I very often go to galleries and kid myself I'm enjoying it/ being moved. At this one, I felt shivers of excitement. It's full of brave, clever, transcendental works about violence, machines, death and sex. I think I was expecting to scoff at some of the art that they'd chosen as 'inspired' by Ballard, but there wasn't a single piece that didn't arouse the same feelings his books do. There's something about it all, something about being turned on by icons of doom, that both he and all of these artists convey brilliantly.

Just to indulge myself, and to do it justice, I need to also recommend the terrifying, bitter-laughter-in-the-face-of-death effects of Adam McEwen's 'I'm so tired,' and, very strangely for me, Damien Hirst's 'When Logics Die.' I hadn't realised he'd ever done anything good.

And the icing on the cake? One of the first things you see as you enter the gallery is a stack of books.
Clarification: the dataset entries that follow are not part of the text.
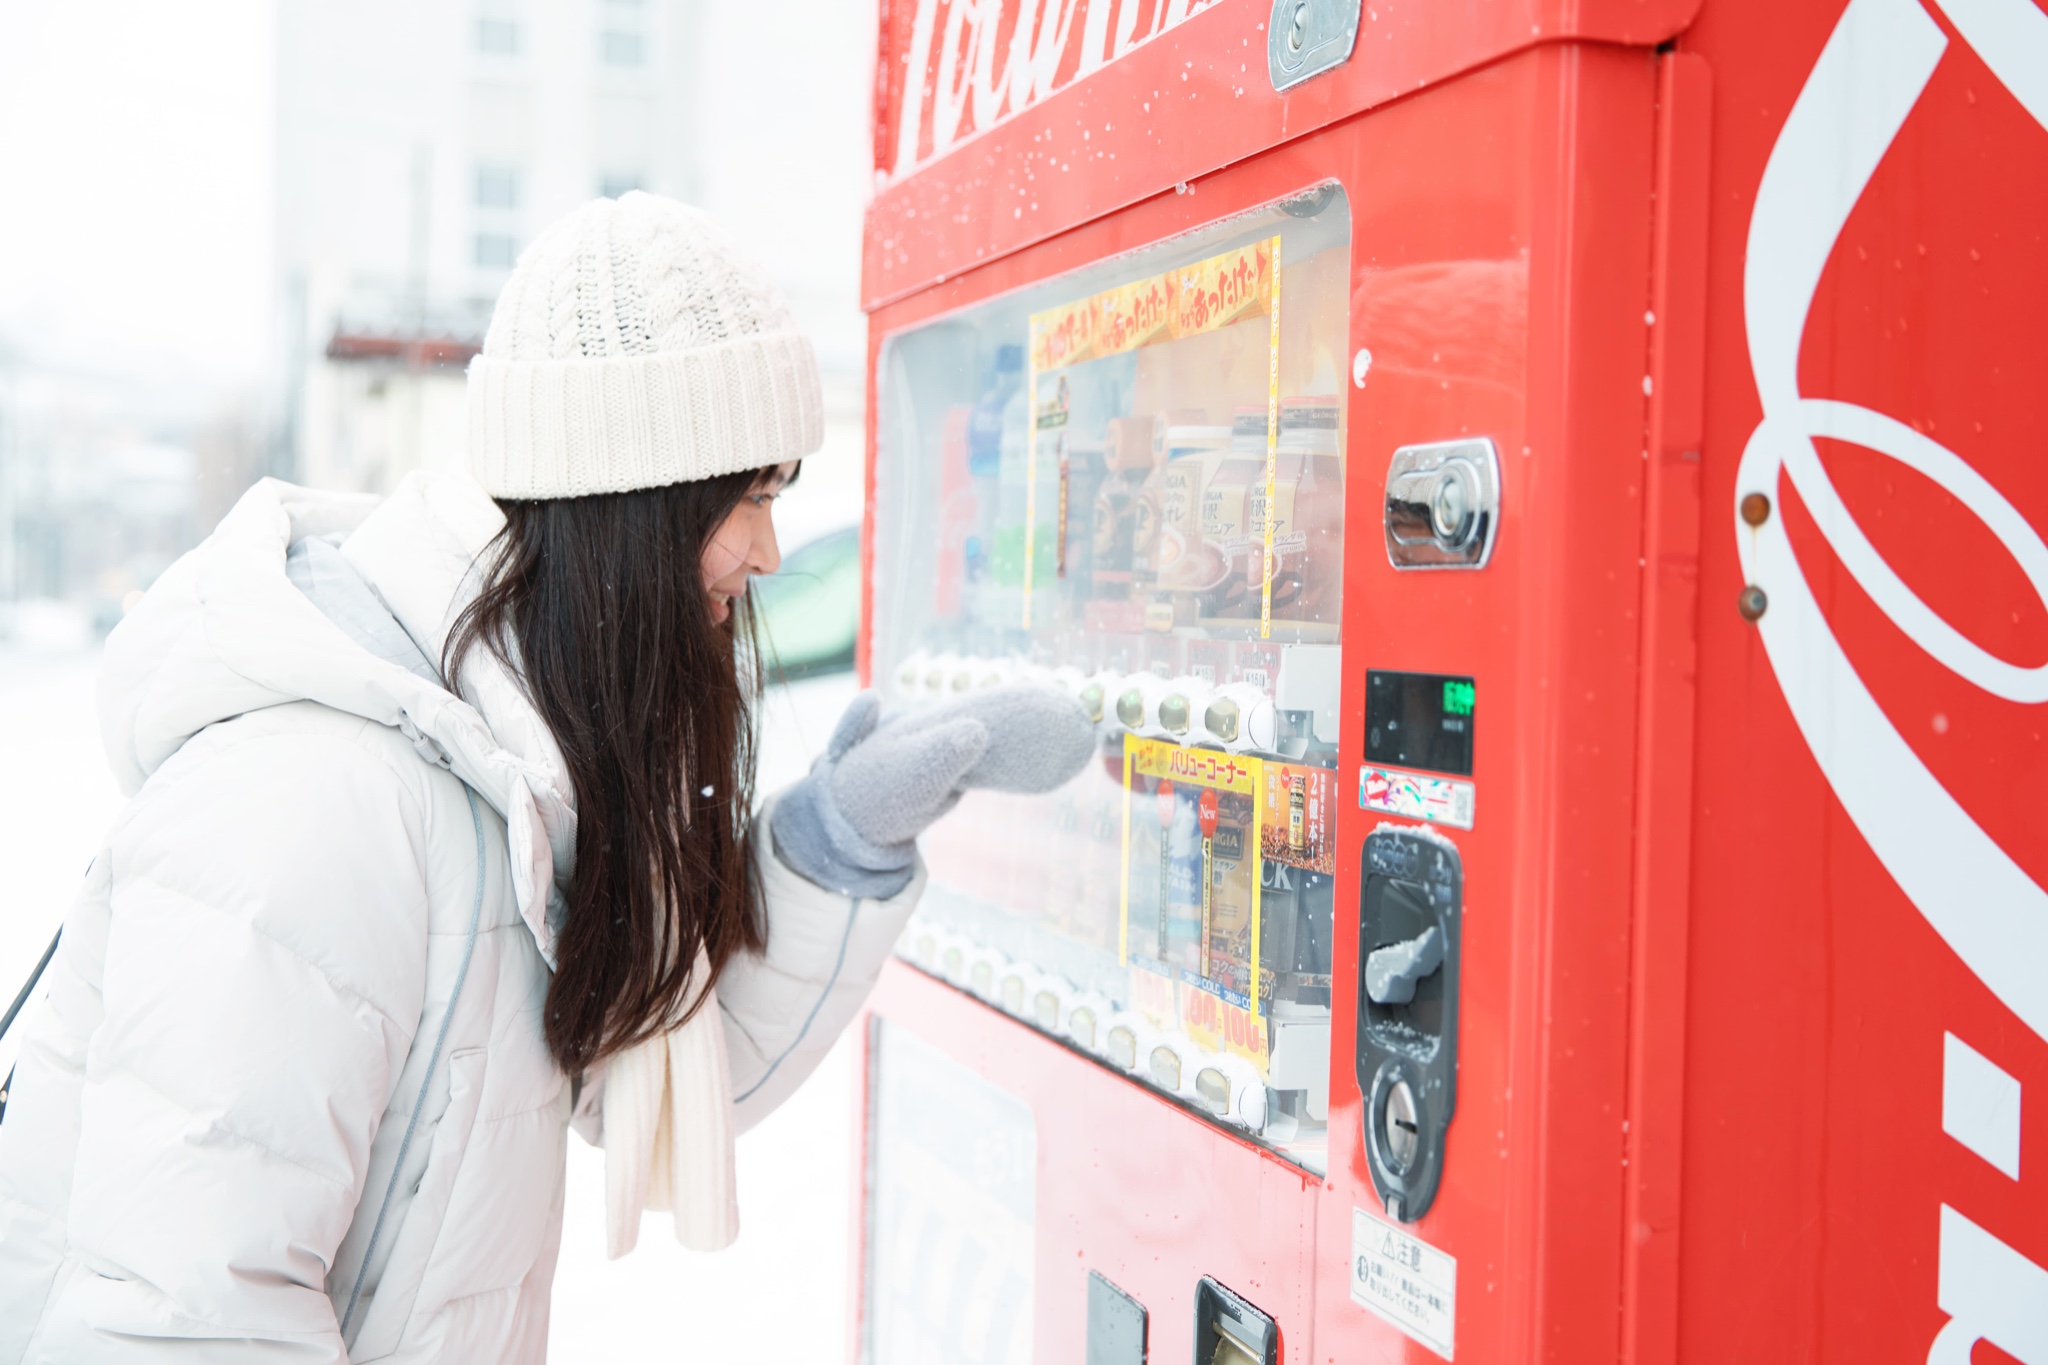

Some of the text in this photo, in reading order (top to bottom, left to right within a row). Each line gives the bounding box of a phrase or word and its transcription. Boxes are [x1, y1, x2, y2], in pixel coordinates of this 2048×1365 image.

[1268, 447, 1276, 485] HOT
[1266, 496, 1274, 536] HOT
[1264, 545, 1272, 583] HOT
[1262, 596, 1270, 636] HOT
[1169, 750, 1247, 785] バリューコーナー
[1200, 804, 1216, 820] New
[1202, 980, 1220, 995] COLD
[1242, 997, 1262, 1013] COD
[1397, 1237, 1421, 1273] 注意
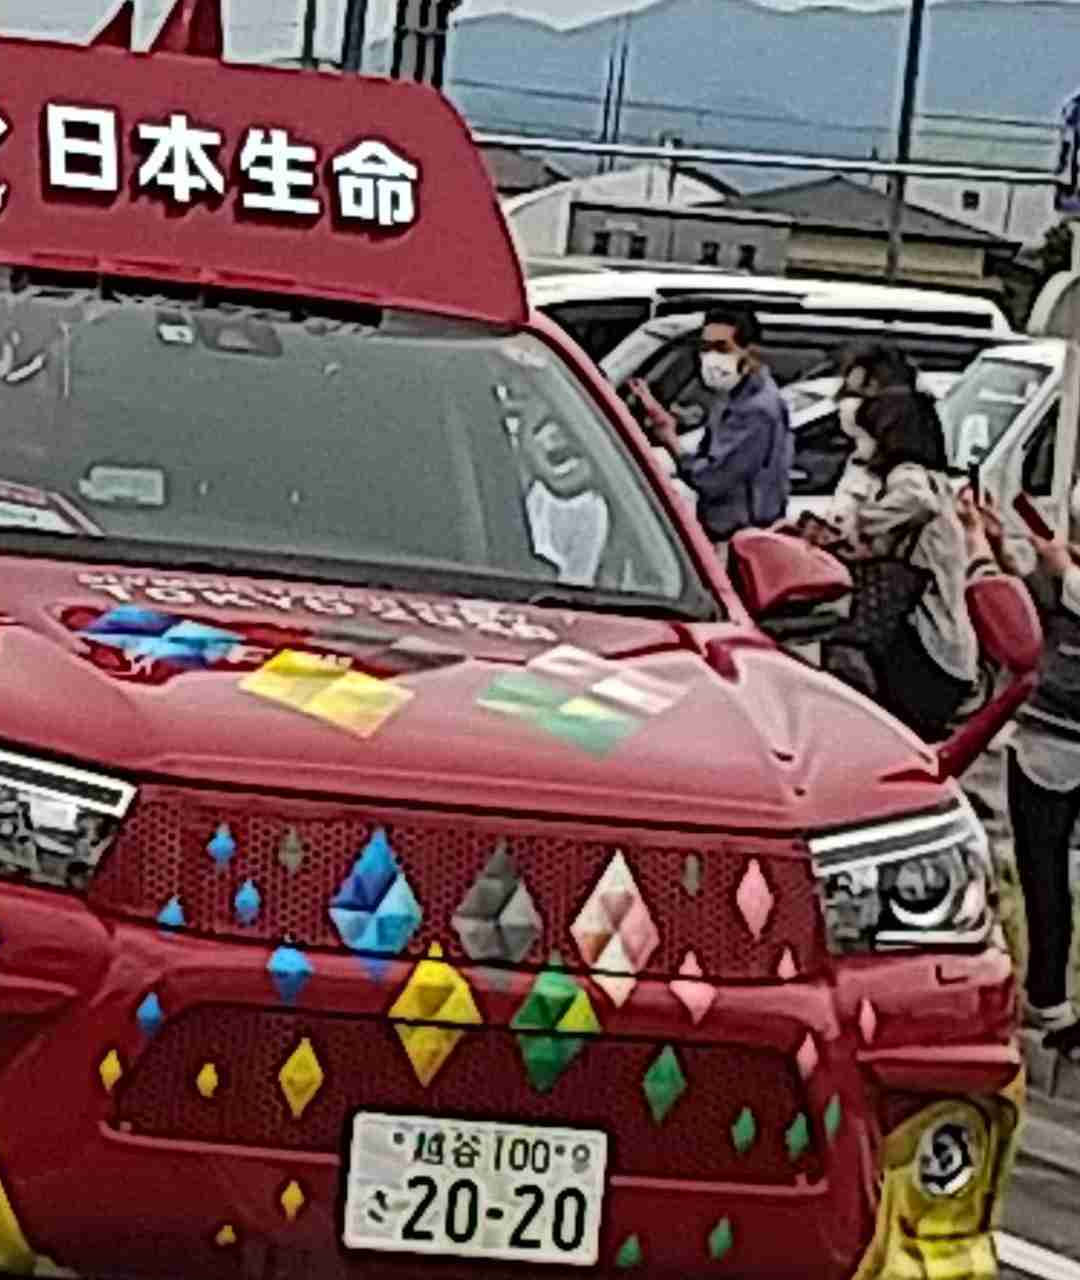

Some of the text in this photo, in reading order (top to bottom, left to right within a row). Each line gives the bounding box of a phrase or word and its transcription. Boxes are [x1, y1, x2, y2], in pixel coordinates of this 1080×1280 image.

[46, 102, 418, 225] 日本生命
[493, 1135, 550, 1173] 100
[401, 1175, 588, 1251] 20-20
The cover carries a painting of a mangled car against an orange background, and is titled 'BANGWALLOP,' by J & D Ballard. It turns out that this is a version of Crash by Jake and Dinos Chapman. From a first glance, they've interspersed the original text with random phrases and keyboard symbols. Every time I open it, I read something strange and interesting. You can pick one of the books off the actual display, take it to the counter and pay £20 for it. There's only 1000. I might have just bought my first work of art.

1 comment:

Unknown said...

I really like BANGWALLOP as well, it's neatly summarised by the spurious quote on the back cover - "Bangwallop is Crash crashed," Captain Oceanic.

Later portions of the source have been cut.